One of the researchers wrote a pamphlet with suggestions on how refeed the starving which came out in 1946 (the centennial of the Donner Party), but the study's results weren't completed until four years later. In 1950 the University of Minnesota Press published The Biology of Human Starvation in two honking volumes of over 600 pages each, chock full of huge indigestible chunks of data (charts, graphs, statistics) amidst the text passages. This work is hard to get hold of and a hard slog to get through, at least for a layperson. Now, however, there's a reasonable alternative. Todd Tucker's recent The Great Starvation Experiment: The Story of the Heroic Men Who Starved so That Millions Could Live (New York: Free Press, 2006) is a fascinating history of the study, focusing primarily but by no means exclusively on the human guinea pigs.

"So what does this have to do with the Donner Party?" you ask. A lot! I have long believed that it's impossible to understand the Donner tragedy without taking into account the physiological and psychological effects of stress and starvation on human beings. The Minnesota experiment made monumental strides in advancing our knowledge of starvation and Tucker's book, in turn, makes the Minnesota study available.

More later.

Friday, November 10, 2006

Recent archaeology

The proposed expansion of the Emigrant Trails Museum at Donner Memorial State Park requires a preliminary environmental survey of the area, so an archaeological team has been digging near the museum for the past few weeks. According to a recent article in the Reno Gazette-Journal by Frank Mullen, "So far, the archaeologists have found rusted round and square nails, broken plates, tin cans, metal cups, arrowheads and scatters of basalt chips, a rock used for tools by ancient Indians." Even if some of the non-Indian artifacts can be confidently dated to the mid-nineteenth century, it would be impossible to tell whether they're associated with the Donner Party. Frank quotes Jeff Brooke, an associate state archaeologist: "An artifact would have to say 'Donner' right on it for us to be sure." It'll be interesting to see what turns up.
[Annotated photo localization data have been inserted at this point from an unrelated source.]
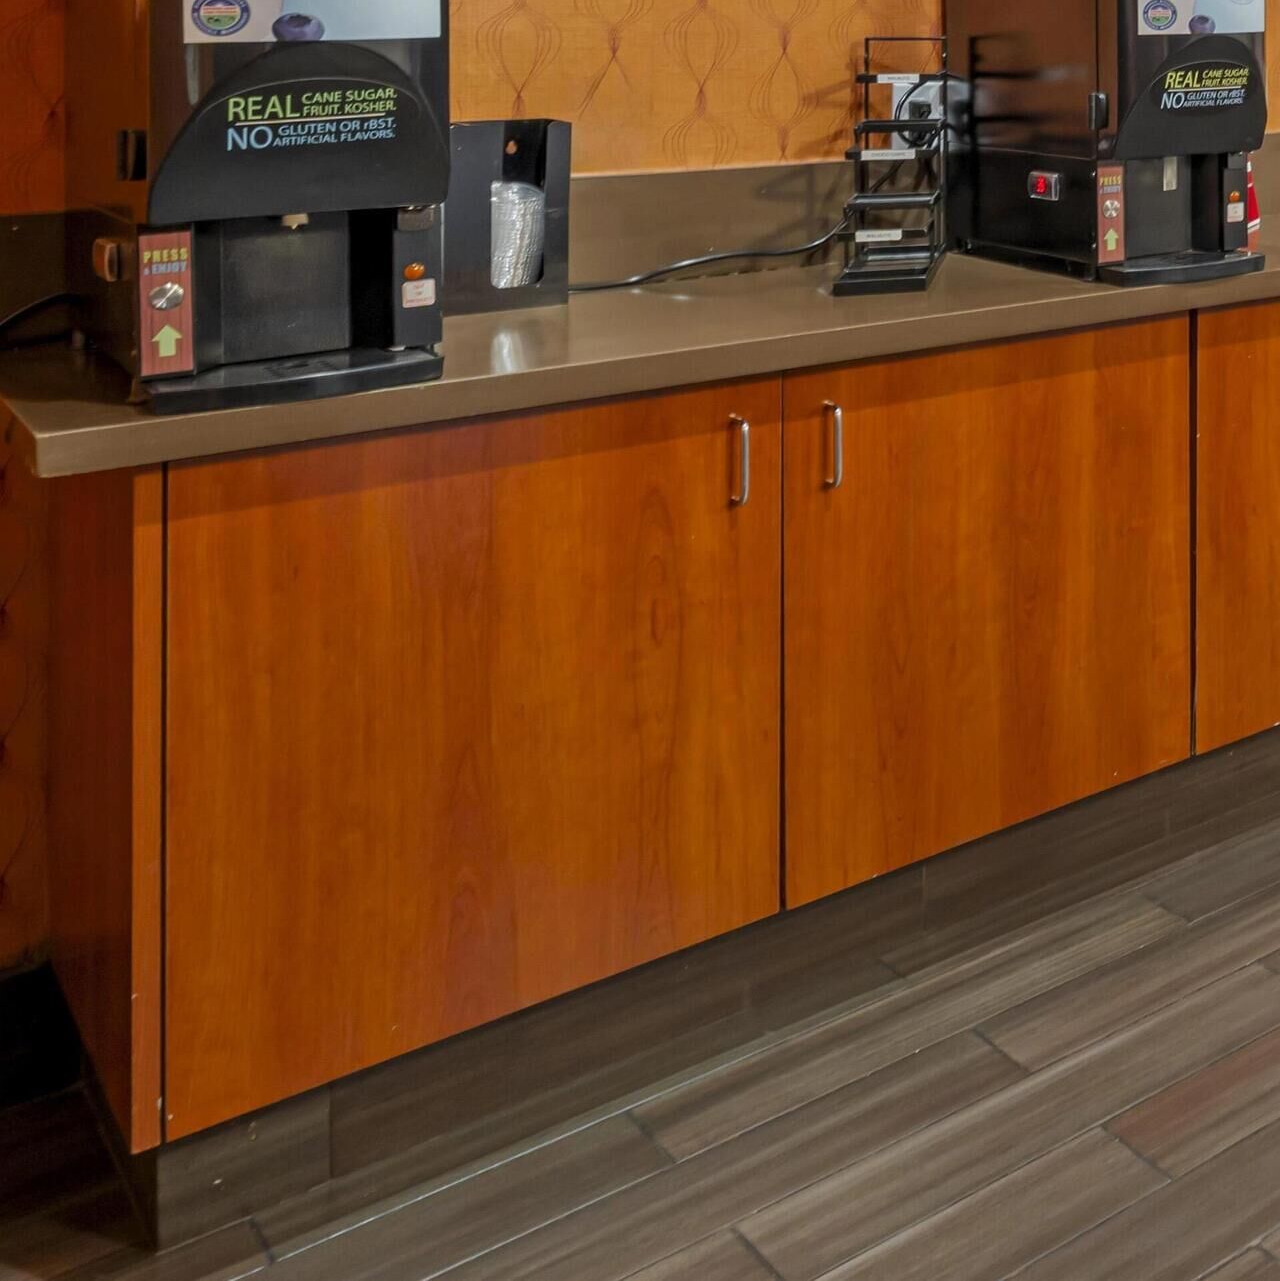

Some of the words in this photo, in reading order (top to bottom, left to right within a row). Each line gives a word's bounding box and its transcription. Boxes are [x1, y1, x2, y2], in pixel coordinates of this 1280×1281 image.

[1165, 70, 1200, 89] REAL
[1202, 69, 1222, 79] CANE
[228, 94, 300, 122] REAL
[301, 93, 342, 104] CANE
[345, 88, 398, 102] SUGAR.
[303, 104, 342, 117] FRUIT.
[344, 100, 397, 114] KOSHER.
[1160, 92, 1185, 109] NO
[1187, 91, 1216, 100] GLUTEN
[1217, 90, 1228, 98] OR
[1183, 99, 1216, 108] ARTIFICIAL
[227, 126, 273, 151] NO
[278, 122, 336, 136] GLUTEN
[339, 120, 360, 132] OR
[363, 117, 397, 130] rBST.
[272, 134, 337, 147] ARTIFICIAL
[340, 129, 395, 143] FLAVORS.
[143, 247, 188, 264] PRESS
Wednesday, November 08, 2006

William H. Eddy

William Eddy's third marriage has been a mystery. All anybody knew about his third wife was that her name was A. M. Pardee or Pardoe and that she was from St. Louis. I've been doing some poking around and am pretty certain that her name was actually Ann M. Purdy and that she married Eddy in St. Louis in April 1854. After Eddy's death in December 1859, Ann returned to her family in Missouri and lived the rest of her life there. This identification still needs to be verified, but it's a working hypothesis, anyway.

Sunday, November 05, 2006

New Book

Marc McLaughlin's new book has just come out. The Donner Party: Weathering the Storm "focuses on how extreme weather challenged the emigrants and their heroic rescuers." I've seen some of the chapters and this looks to be a fine addition to our understanding of the Donner tragedy. Visit Mark's website at for ordering information.

Good deal

I just visited the Patrice Press website and was vexed to discover that Greg is offering Maps of the California Trail at half price -- this after I paid full price for it a couple of weeks ago! It's a great resource for trail enthusiasts, consisting of topo maps with the trail clearly marked, and historical quotes, too. Donner buffs will be particularly interested in the maps of Hastings Cutoff and the Truckee Route. Visit for details. Disclaimer: This is a public service announcement; I have no financial interest in promoting this or any book I didn't write myself.

Grandma Keyes photo flap

The November 2006 issue of folio, the newsletter of the Patrice Press, details a lengthy e-mail exchange about the authenticity of the photograph of Sarah Keyes at Sutter's Fort. In "Who Is This Lady?" Greg Franzwa and his correspondents discuss a wide variety of topics including daguerreotypes, 19th century women's costume, Grandma Keyes, her burial, and Alcove Spring. Well, I think the photo's genuine and am writing a letter to the editor detailing my reasons. Greg thrives on controversy so I think he'll enjoy my response, even if he doesn't agree.